Speakers

Speakers

Keynote Speakers

 

A/Professor Jane Burns

Associate Professor Jane Burns is the founder and CEO of the Young and Well Cooperative Research Centre, an organisation that unites young people with researchers, practitioners and innovators to explore the role of technology in improving mental health and wellbeing for young people aged 12 to 25.

Jane holds a Principal Research Fellowship at Orygen, The National Centre of Excellence in Youth Mental Health and an Honorary Fellowship at the Brain & Mind Research Institute. She has led the youth agenda for beyondblue, was a Commonwealth Fund Harkness Fellow at the University of California, San Francisco, and was Director of International Partnerships at Inspire Foundation. Jane held a VicHealth fellowship from 2006-2013, an NHMRC fellowship from 1997-2000 and an NHMRC scholarship from 1994-1996. She holds a PhD in Medicine from the Faculty of Medicine (Public Health and Epidemiology) University of Adelaide.
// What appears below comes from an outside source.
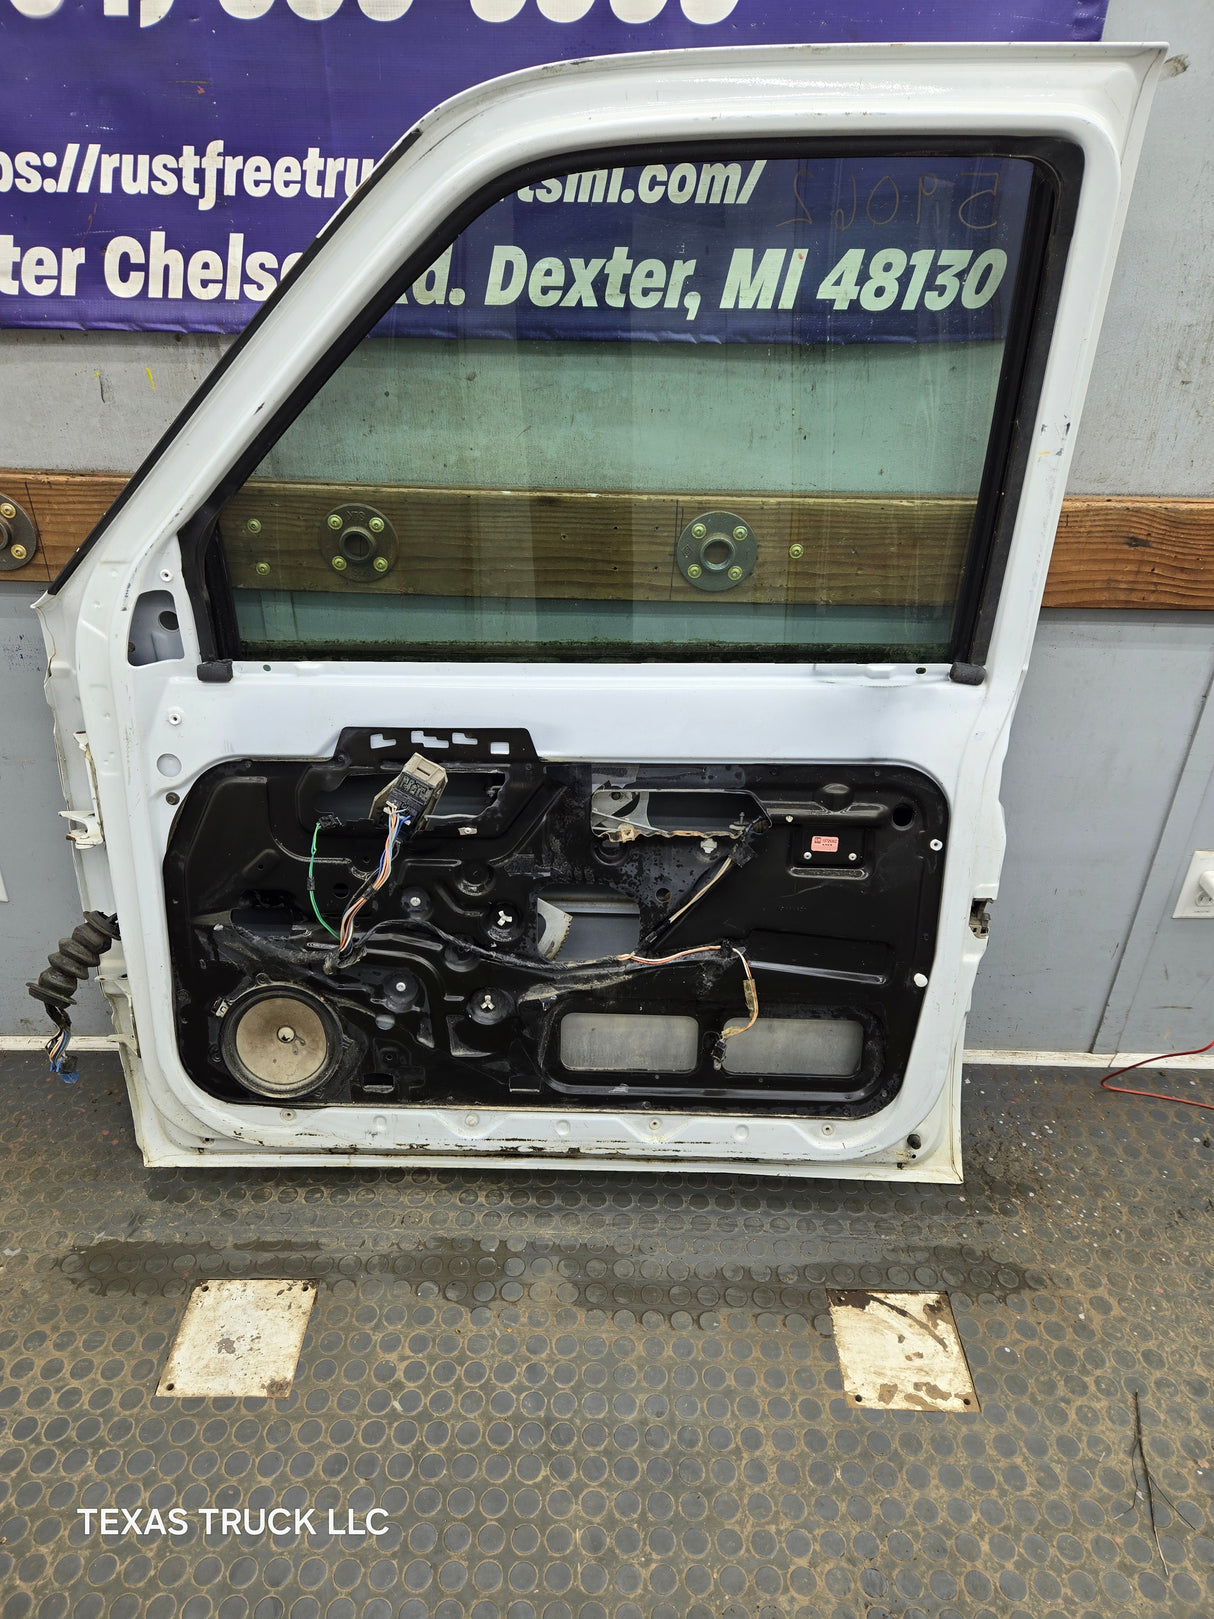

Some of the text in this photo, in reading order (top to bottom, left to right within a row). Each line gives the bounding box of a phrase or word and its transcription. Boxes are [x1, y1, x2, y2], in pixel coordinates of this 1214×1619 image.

Jane has just been announced a winner in the category of Innovation for 2015’s Australian Financial Review and Westpac Group 100 Women of Influence and was a Victorian Finalist in the 2012 Telstra Business Women’s Awards. Jane is a Graduate of the Australian Institute of Company Directors.

 

A/Professor Sam Winter

Sam Winter works in sexology at the School of Public Health at the Faculty of Health Science at Curtin University in Perth. His interests include sexual and gender development and diversity, rights, health and education. A psychologist by training and professional experience, Sam has taught, researched and published extensively in trans health and rights. He has also worked extensively as a psychologist with trans clients. He has worked with WHO (being one of those responsible for proposals for ICD-11 diagnostic reform), and with UNDP (authoring their 2012 Lost in Transition report). Since 2009 he has been a board member of the World Professional Association for Transgender Health (WPATH). He was one of the authors of their most recent Standards of Care (SOC-7). He has done advocacy work  regionally and worldwide, working with Asia-Pacific Transgender Network (APTN) and Global Action for Trans* Equality (GATE).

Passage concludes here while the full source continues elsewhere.